__Available records__:
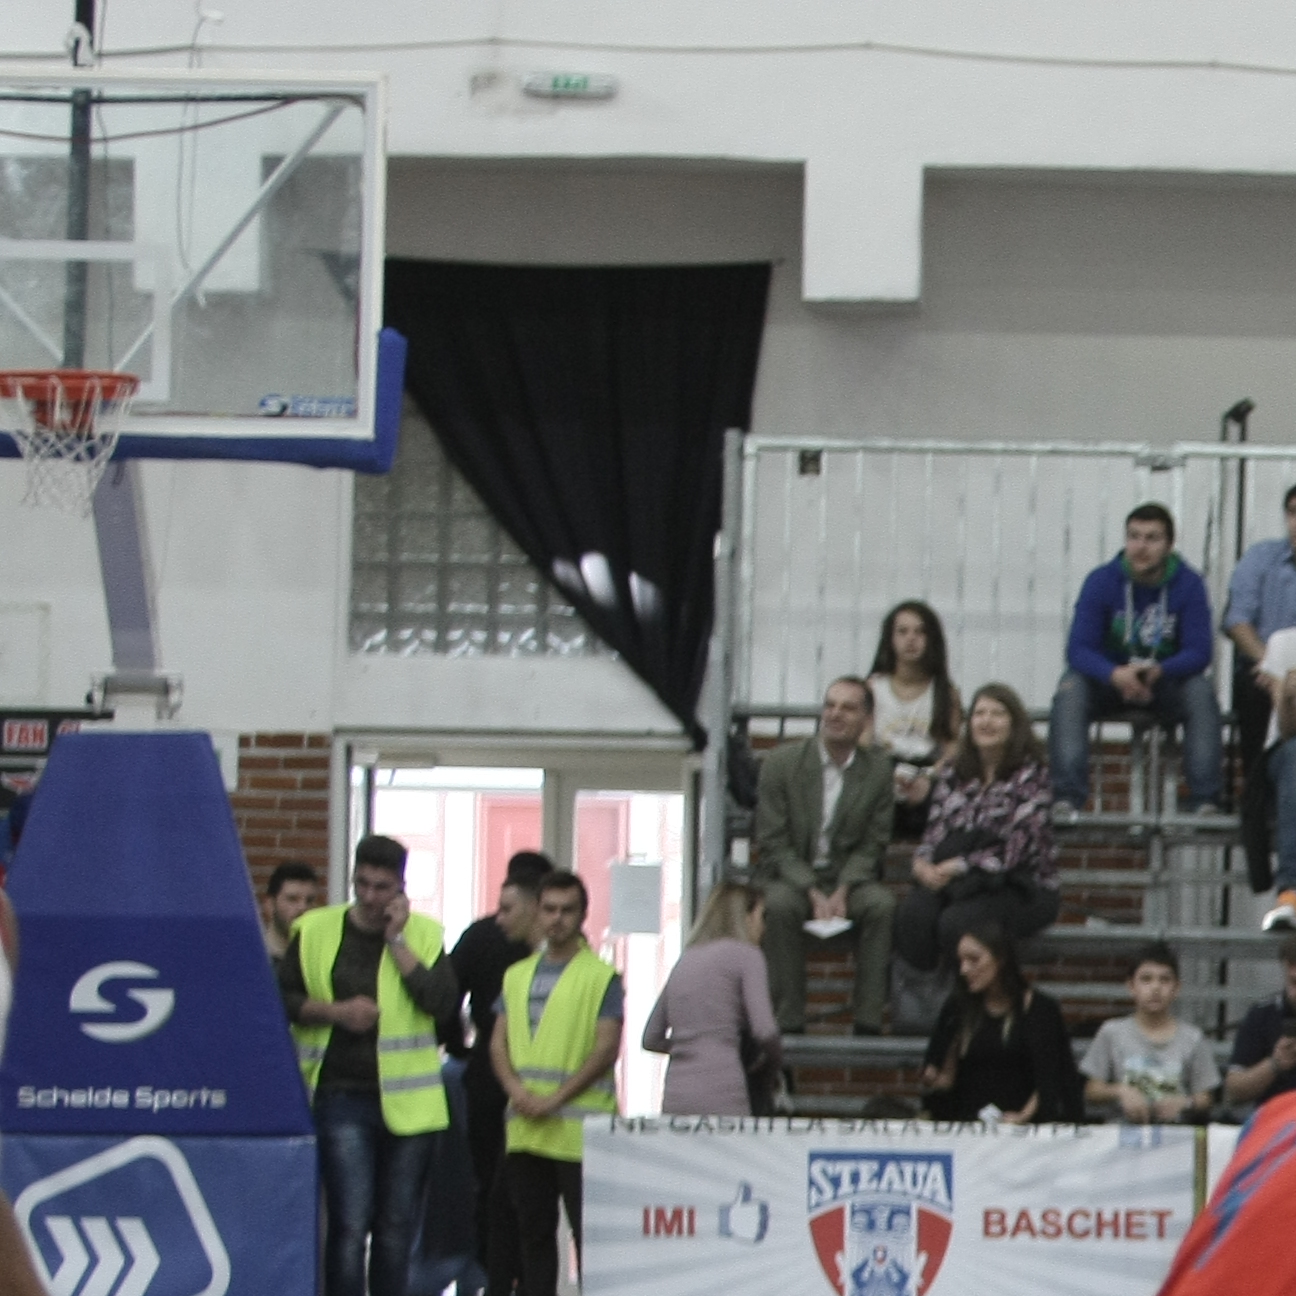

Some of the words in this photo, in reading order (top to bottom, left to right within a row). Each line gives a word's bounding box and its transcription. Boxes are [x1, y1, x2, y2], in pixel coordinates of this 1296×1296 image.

[17, 1086, 130, 1110] Schelde
[135, 1086, 227, 1114] Sports
[809, 1157, 953, 1208] STEAUA
[642, 1206, 696, 1239] IMI
[982, 1208, 1173, 1242] BASCHET
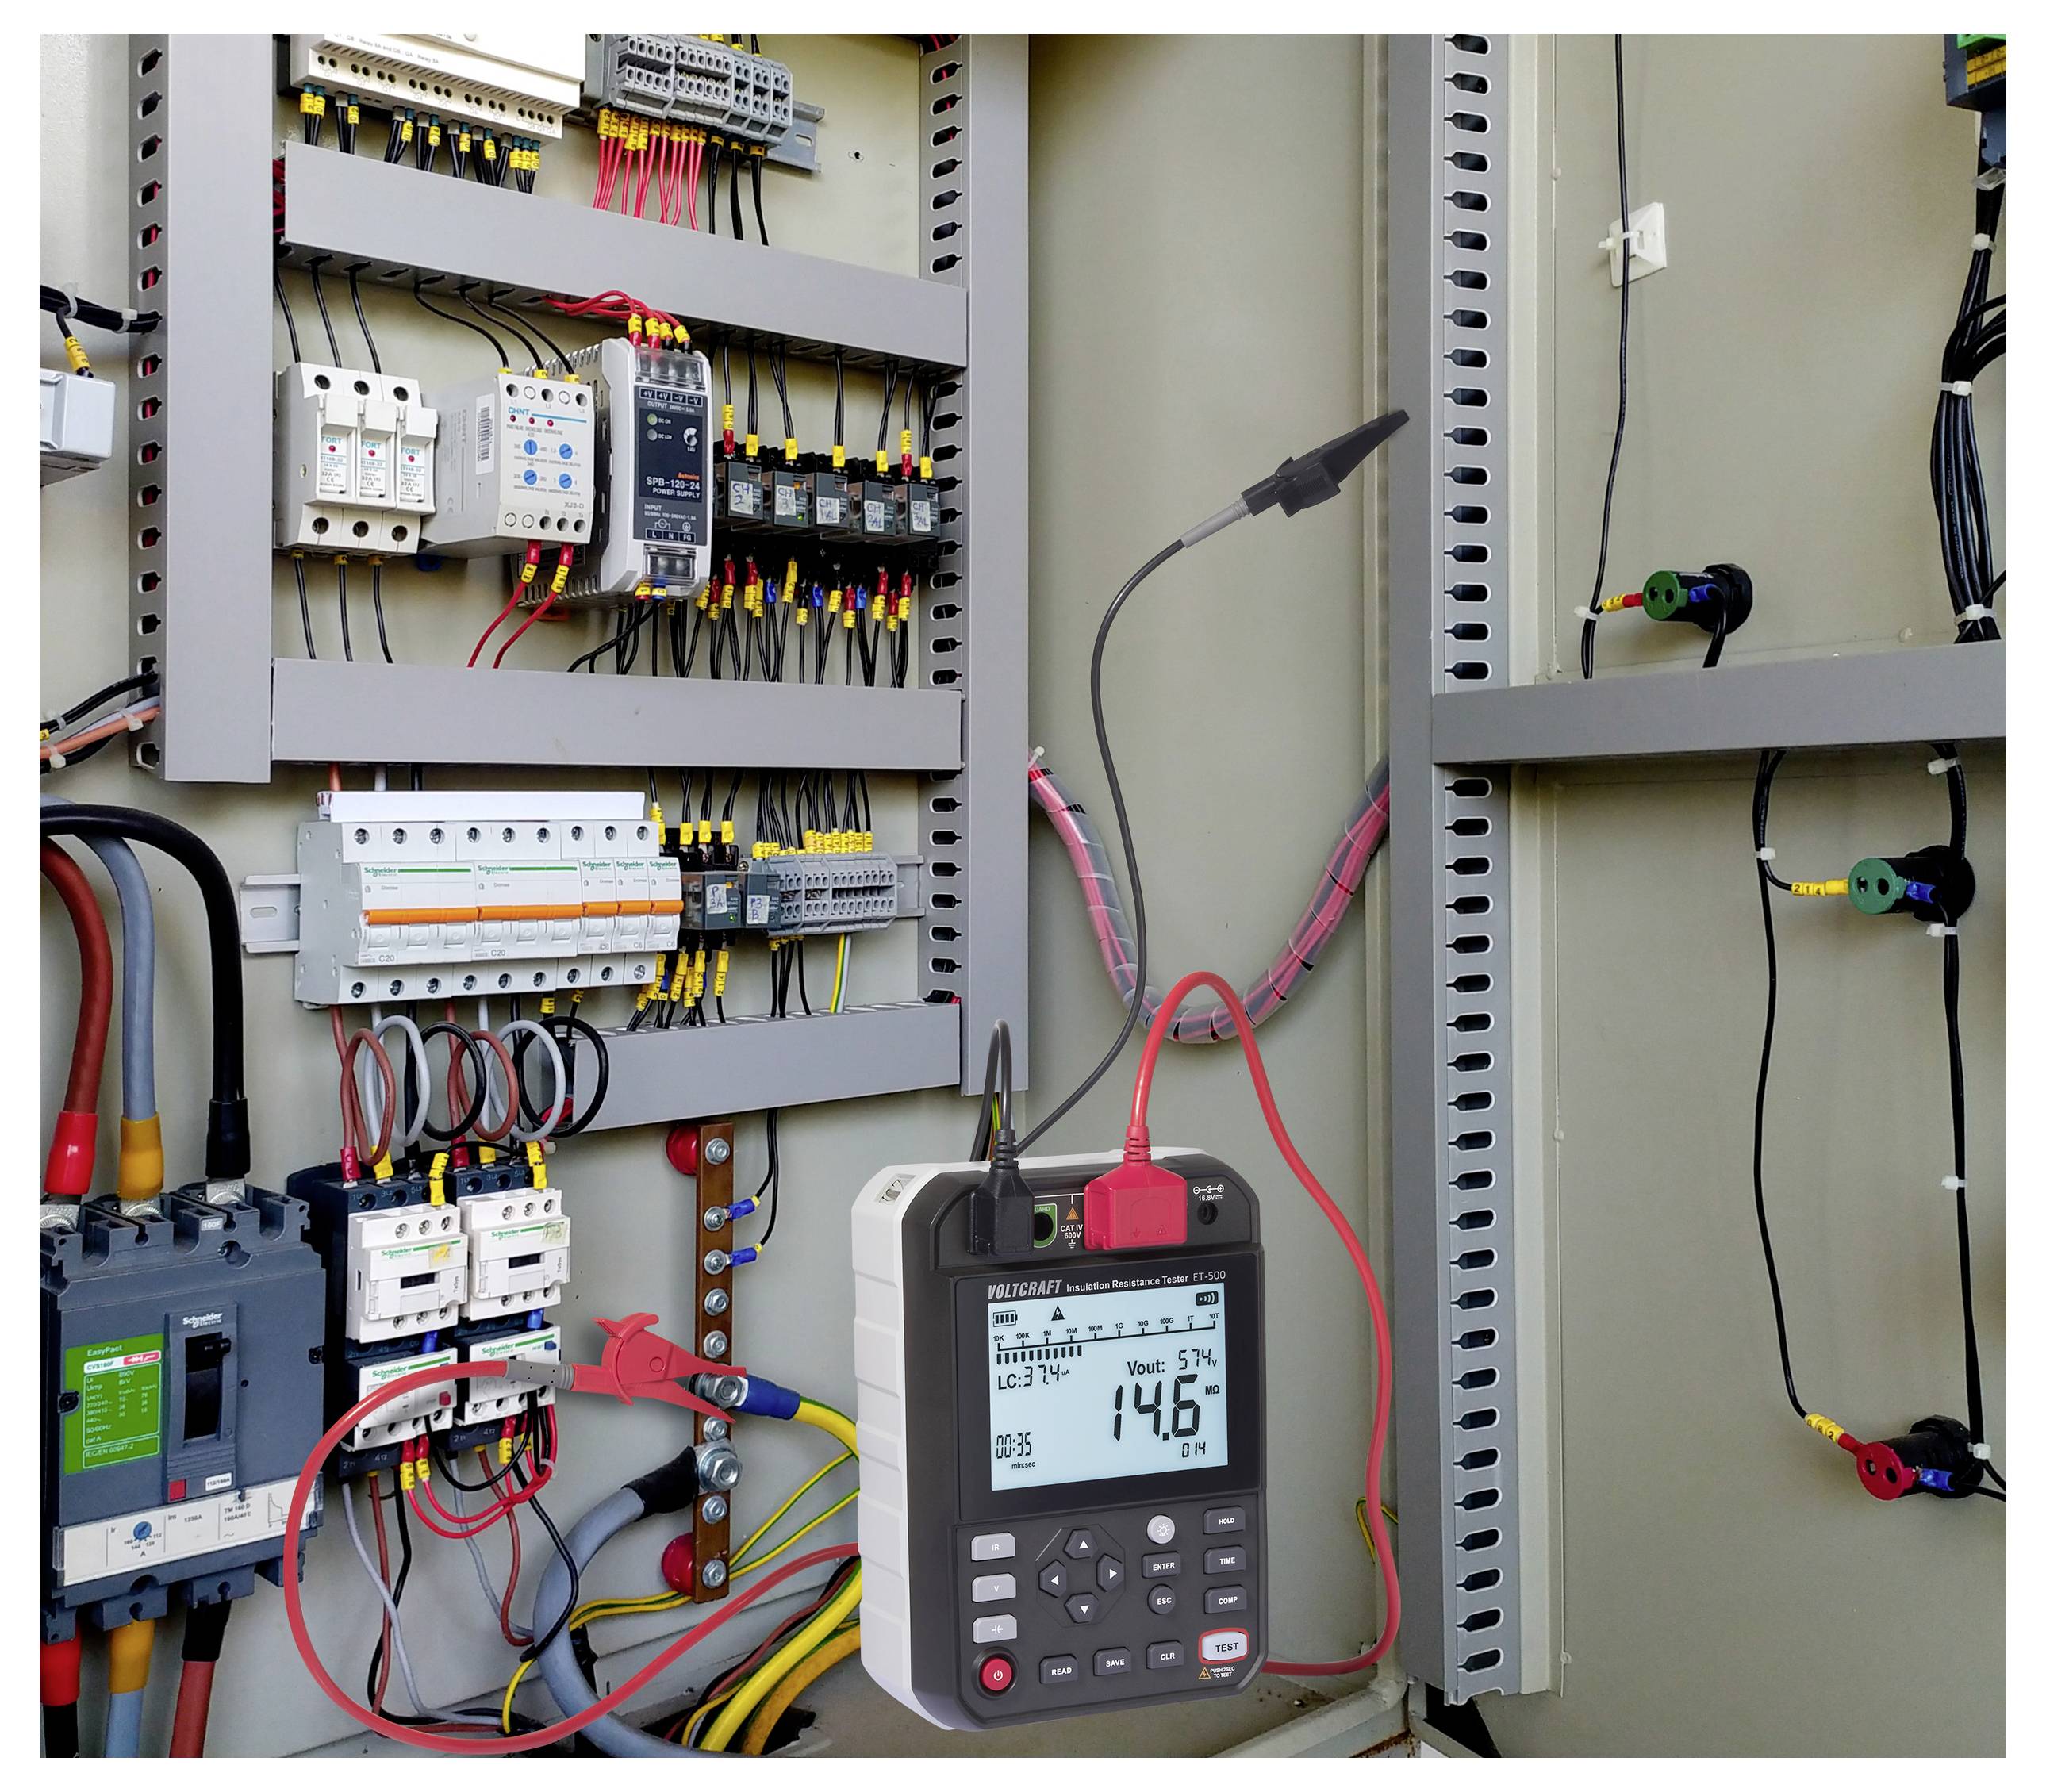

__What to work on__:
The answer must be an exact copy of every record above, minus the pictures.

__Answer section__:
Some of the words in this photo, in reading order (top to bottom, left to right within a row). Each line gives a word's bounding box and its transcription. Boxes are [x1, y1, x2, y2], in pixel coordinates of this 1296×1296 image.

[17, 1086, 130, 1110] Schelde
[135, 1086, 227, 1114] Sports
[809, 1157, 953, 1208] STEAUA
[642, 1206, 696, 1239] IMI
[982, 1208, 1173, 1242] BASCHET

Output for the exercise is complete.